Fiercely Human. Cultural Studies about the 40's

Santos Yubero, Martín. Exhibición deportiva en Ciudad Universitaria. Photography b/w, s/f.
Held on 10, 17, 24, 31 May, 07, 14 Jun 2016
The period of autocracy in Spain presents itself as an abominable decade characterised by the triumphant Francoist aesthetic and ideology on all fronts. This series of lectures, in conjunction with the exhibition Campo Cerrado. Spanish Art 1939–1953, debates and calls into question this acknowledgement through the views of six historians and theorists hailing from different fields of study and different generations. The multi-faceted approach to a contradictory and tumultuous time enables the recovery and analysis of silent formations of cultural dissidence, the reality of external and internal exile, popular forms as a space of play and transgression, the notion of sacrifice in painting, and the persisting nostalgia and wounds in literary texts. The title of the series borrows its name from Fiercely Human Angel, Blas de Otero’s book of poems, which, along with Children of Wrath by Dámaso Alonso, characterises this decade as a period of survival and rawness in equal measure.

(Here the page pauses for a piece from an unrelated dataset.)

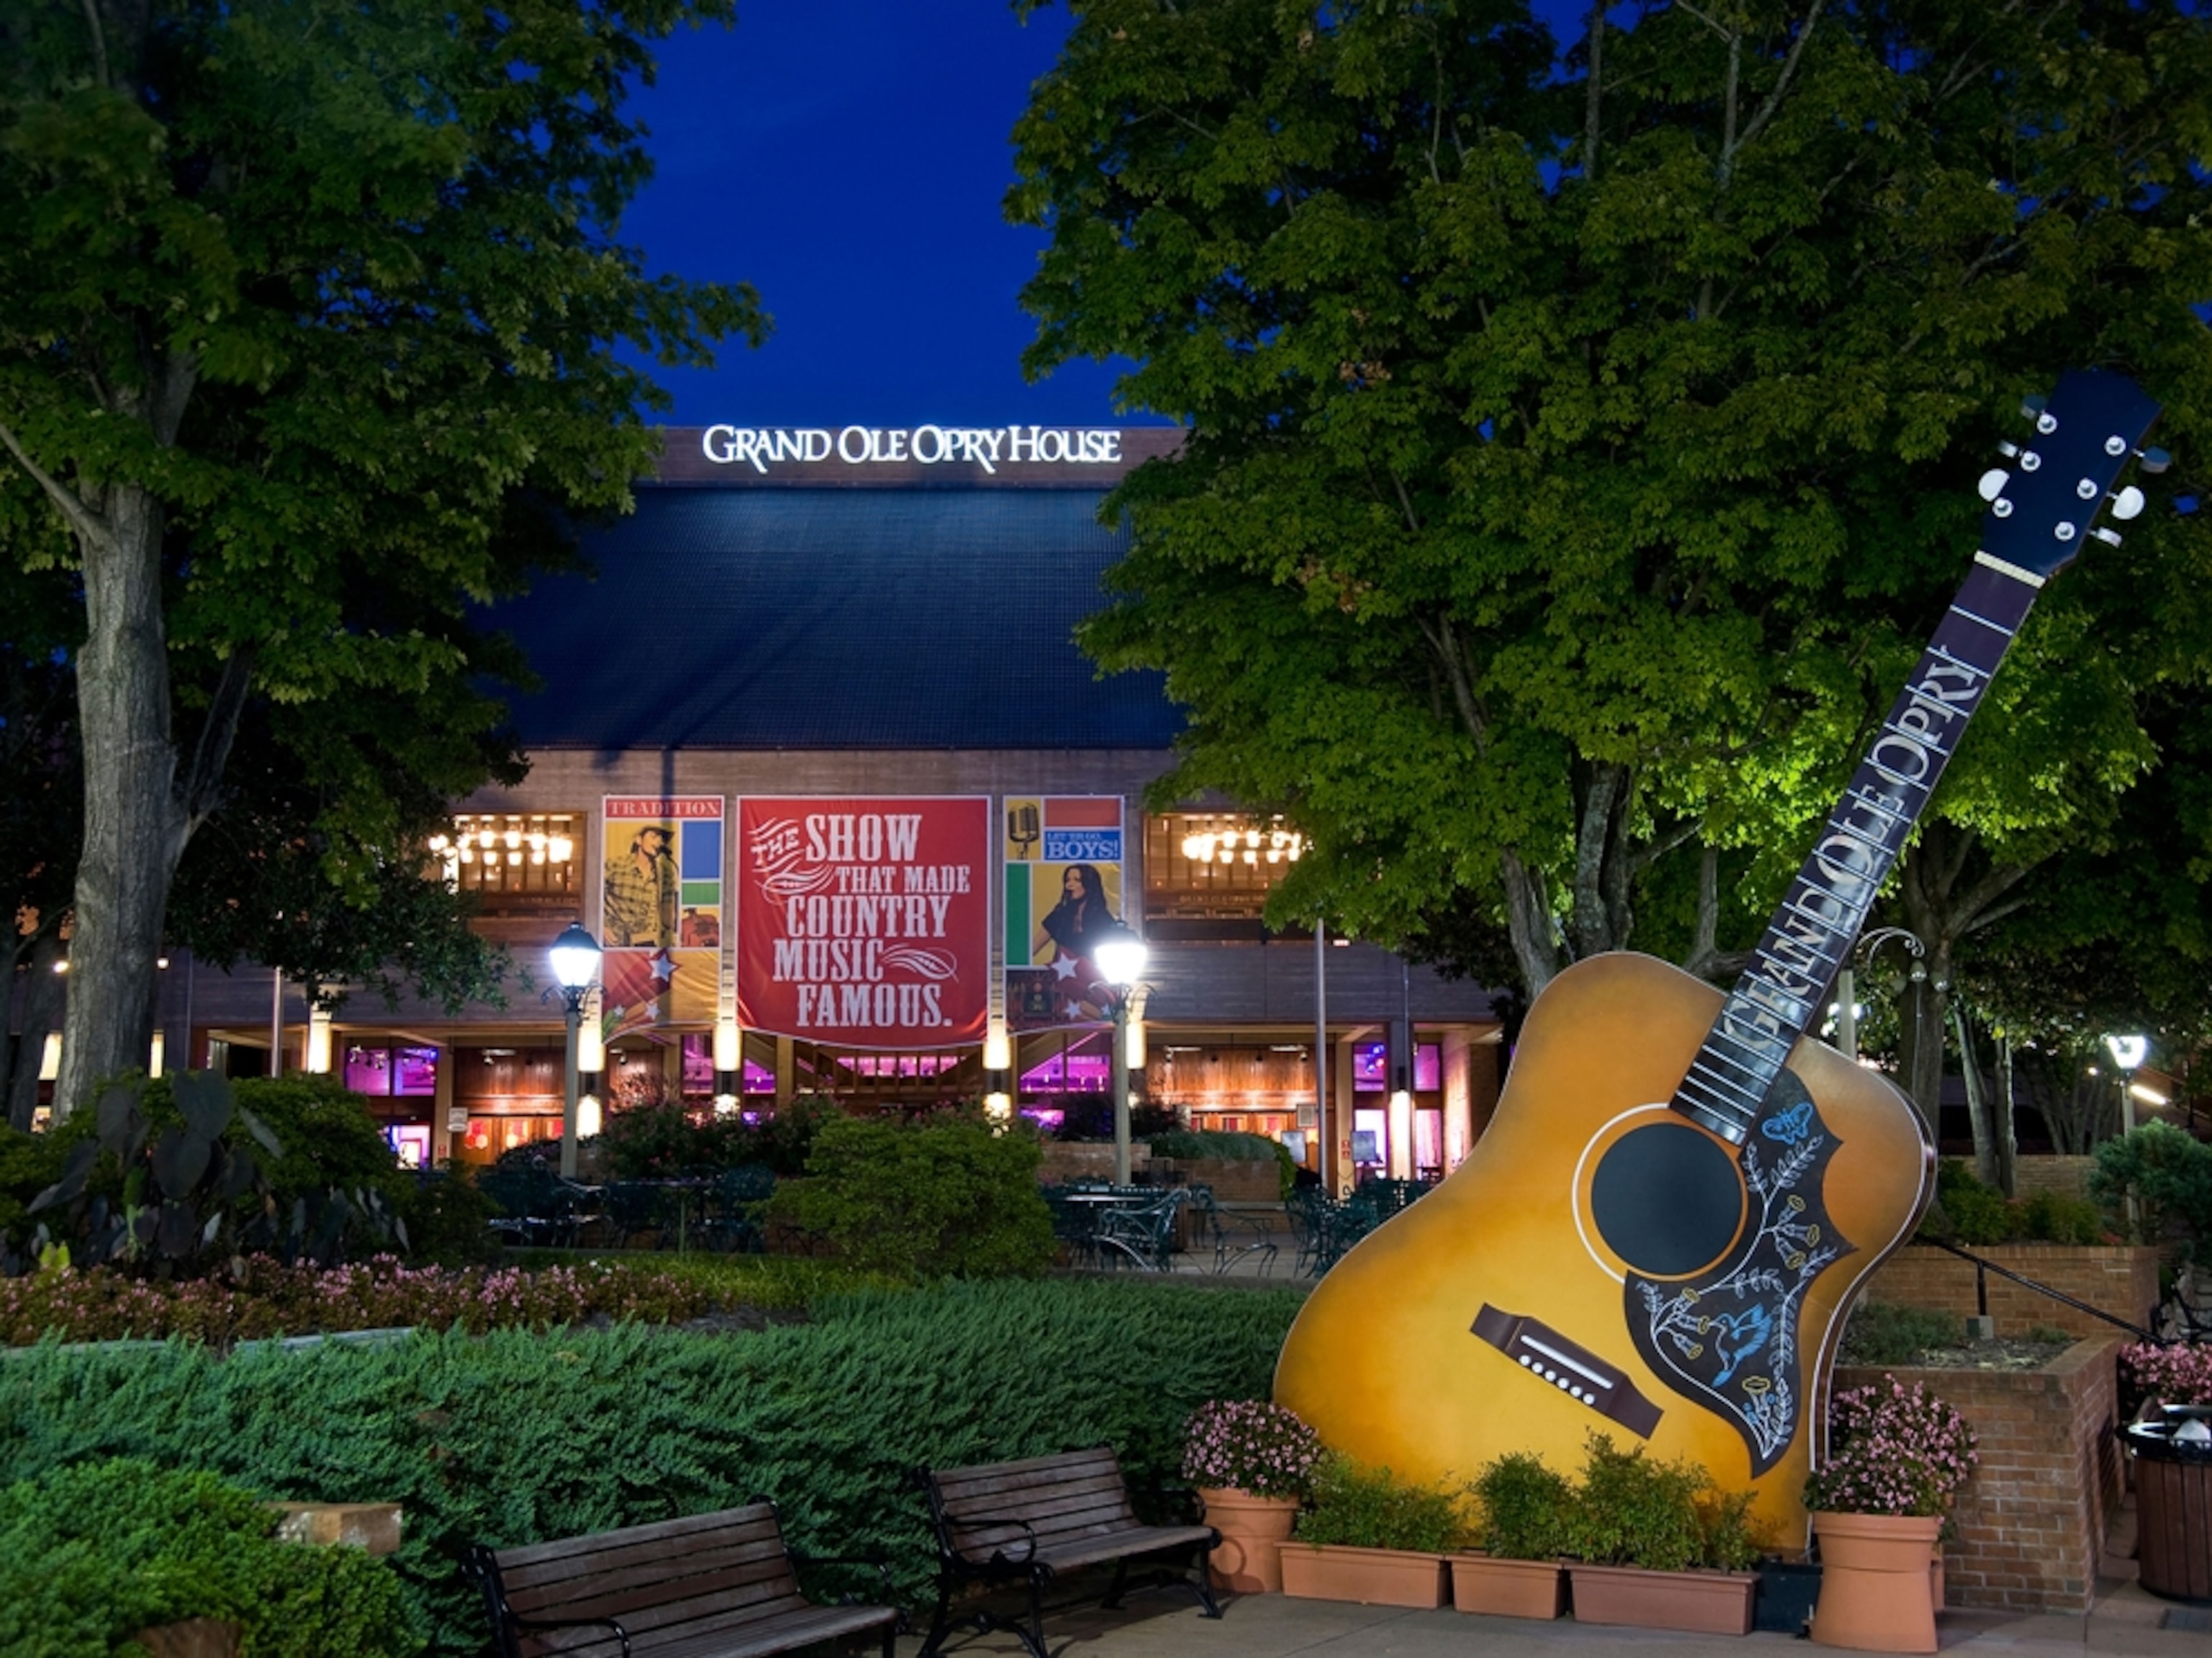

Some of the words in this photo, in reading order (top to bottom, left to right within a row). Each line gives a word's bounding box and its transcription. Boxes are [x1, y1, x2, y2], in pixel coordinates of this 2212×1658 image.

The series’ full programme will be presented in the coming days.
Organised by
Museo Reina Sofía
Ongoing recognition of credits with the Complutense, Carlos III and Autónoma Universities of Madrid.
Participants
Mari Paz Balibrea is a professor of cultural studies in the Department of Cultures and Languages Birkbeck at the University of London. Her publications include En la tierra baldía. Manuel Vázquez Montalbán y la izquierda española en la postmodernidad (El Viejo Topo, 1999) and Tiempo de exilio. Una mirada crítica a la modernidad española desde el pensamiento republicano en el exilio (Montesinos, 2007). She is the coordinator, co-editor and co-author of the project Líneas de fuga. Hacia otra historiografía del exilio cultural republicano español (Akal, 2017), and is currently co-editing the collective book María Zambrano Amongst the Philosophers: A Reconsideration.
Laurence Bertrand-Dorleac is a professor of art history at the Paris Institute of Political Studies (Sciences Po). She is also the author of publications such as Histoire de l’art. Paris 1940-1944 (Publications de la Sorbonne, 1986), Art of the Defeat. France 1940–1944 (Getty Research Institute, 2008), L'ordre sauvage. Violence, dépense et sacré dans l'art des années 1950-1960 (Gallimard, 2004) and Après la guerre (Gallimard, 2010), among others. Furthermore, she has jointly curated the exhibition L’art en guerre, France 1938-1947 (Musée d’art moderne de la Ville de Paris, 2012 and Guggenheim de Bilbao, 2013) and curated Les désastres de la guerre. 1800-2014 (Louvre-Lens, 2014).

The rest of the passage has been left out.